Los trabajadores del transporte de cargas de la región lograron un principio de acuerdo que permitió levantar las medidas de fuerza y retomar la actividad, aunque el resultado dejó un fuerte sabor a disconformidad en el sector.
El conductor local José Luis Ortega explicó que el entendimiento alcanzado estuvo lejos de las expectativas: “Fue un arreglo, conforme no, para nada. Estamos complicados con el sistema, pero había que salir a trabajar sí o sí. No es lo que pretendíamos, pero es lo que se pudo conseguir”.
El conflicto, según detalló, se originó en el retraso de la actualización de tarifas frente al fuerte aumento de costos, especialmente del combustible. “La tarifa se va desactualizando porque se acuerda dos o tres veces al año como máximo, y este año en marzo hubo un desfasaje total. El combustible subió mucho y así se hace imposible trabajar”, remarcó.
Ortega también señaló que la problemática no se limita a una sola empresa, sino que es generalizada en el sector: “Todo el mundo quiere pagar menos de lo que corresponde. El conflicto no es solo con una firma, es con las plantas en general”.
Otro punto crítico es la competencia externa durante los conflictos. “Siempre aparecen camiones de otras zonas que se llevan la carga. Nosotros estamos trabajando a pérdida y no sabemos cómo otros pueden hacerlo más barato”, indicó, al tiempo que reconoció que no pueden impedirlo debido al esquema de libre contratación vigente.
En este contexto, los transportistas se vieron obligados a aceptar condiciones que consideran insuficientes, priorizando no perder la cosecha: “Tendríamos que haber conseguido al menos un 20% más para estar en un número correcto, pero era imposible. Si no trabajamos, el cereal se va a otro lado”.
La crisis también impacta en el estado del parque automotor. Ortega advirtió un deterioro progresivo de los camiones por la falta de rentabilidad: “Se van quedando sin cubiertas, se usan hasta el final. Hoy una goma cuesta entre 500 y 850 mil pesos, y un camión lleva unas 18. Es un costo altísimo”.

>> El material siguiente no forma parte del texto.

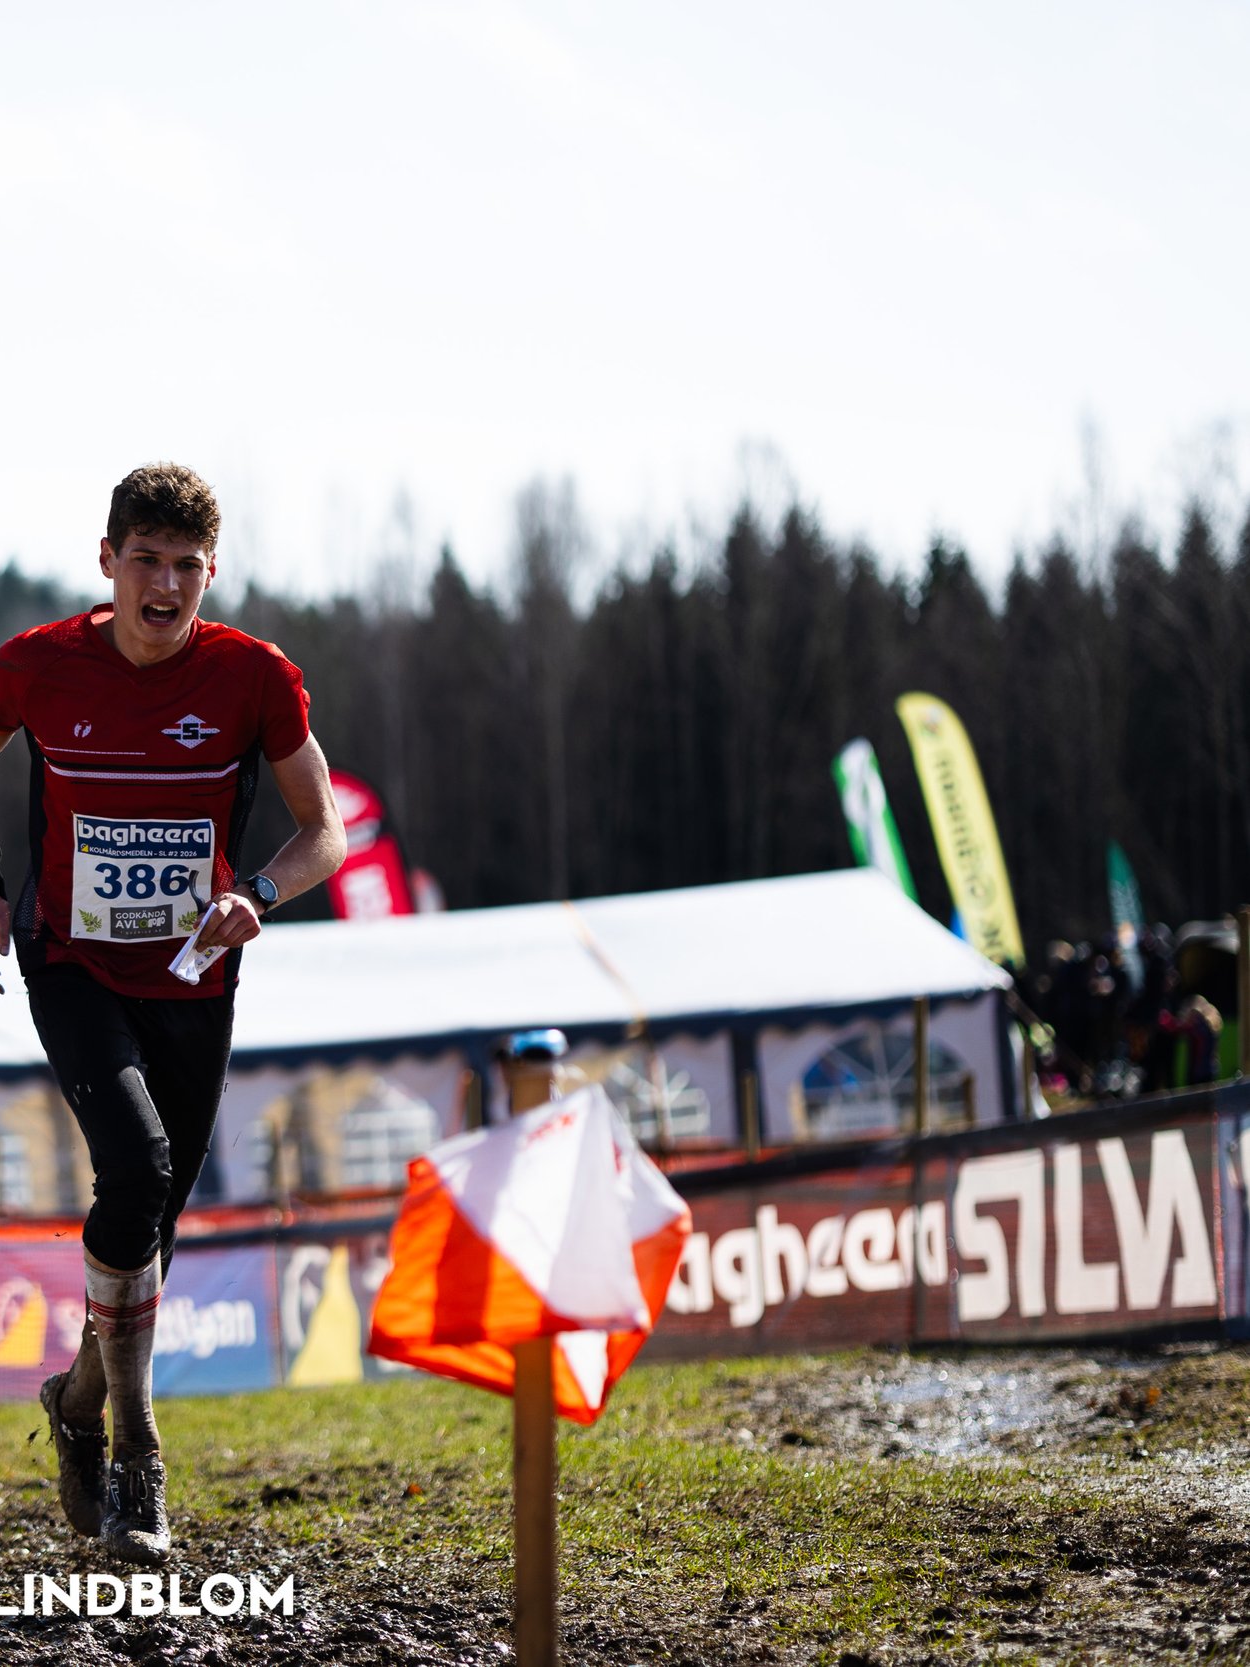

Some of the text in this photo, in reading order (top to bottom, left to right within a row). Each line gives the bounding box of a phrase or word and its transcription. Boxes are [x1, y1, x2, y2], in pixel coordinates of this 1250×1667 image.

[78, 820, 210, 846] bagheera
[94, 863, 190, 899] 386
[115, 910, 166, 920] GODKÄNDA
[954, 1129, 1218, 1322] SILVA
[665, 1200, 949, 1327] agheera
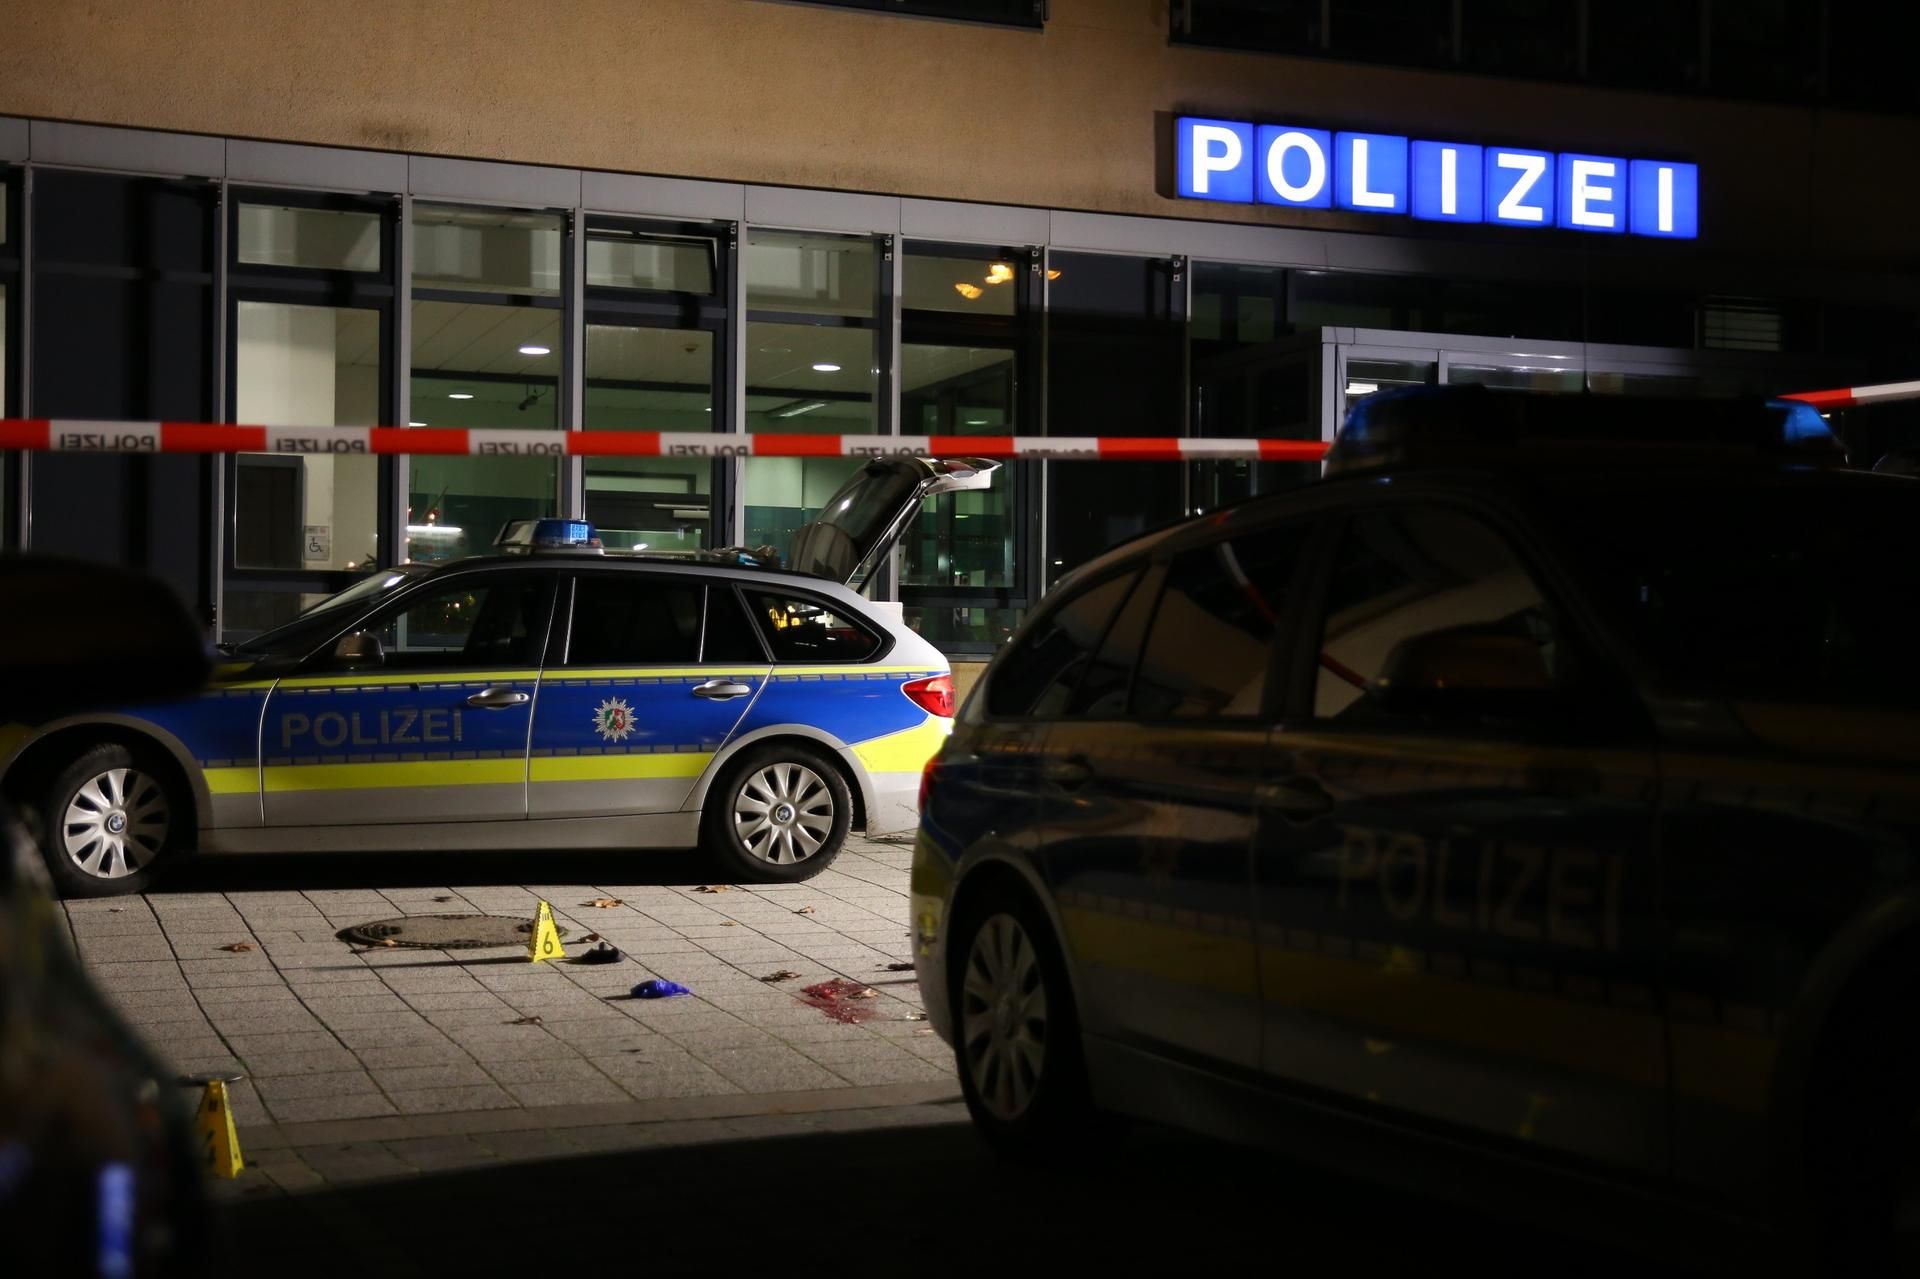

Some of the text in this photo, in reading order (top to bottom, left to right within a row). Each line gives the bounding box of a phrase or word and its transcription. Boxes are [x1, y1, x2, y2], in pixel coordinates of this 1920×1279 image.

Finalmente, anticipó que la situación dista de estar resuelta: “Esto en un par de meses seguramente va a generar otro movimiento. Pero por ahora necesitamos trabajar, no se puede aguantar más”.
El acuerdo alcanzado permite descomprimir momentáneamente el conflicto, pero deja en evidencia un problema estructural que continúa afectando a los transportistas y que podría reactivarse en el corto plazo.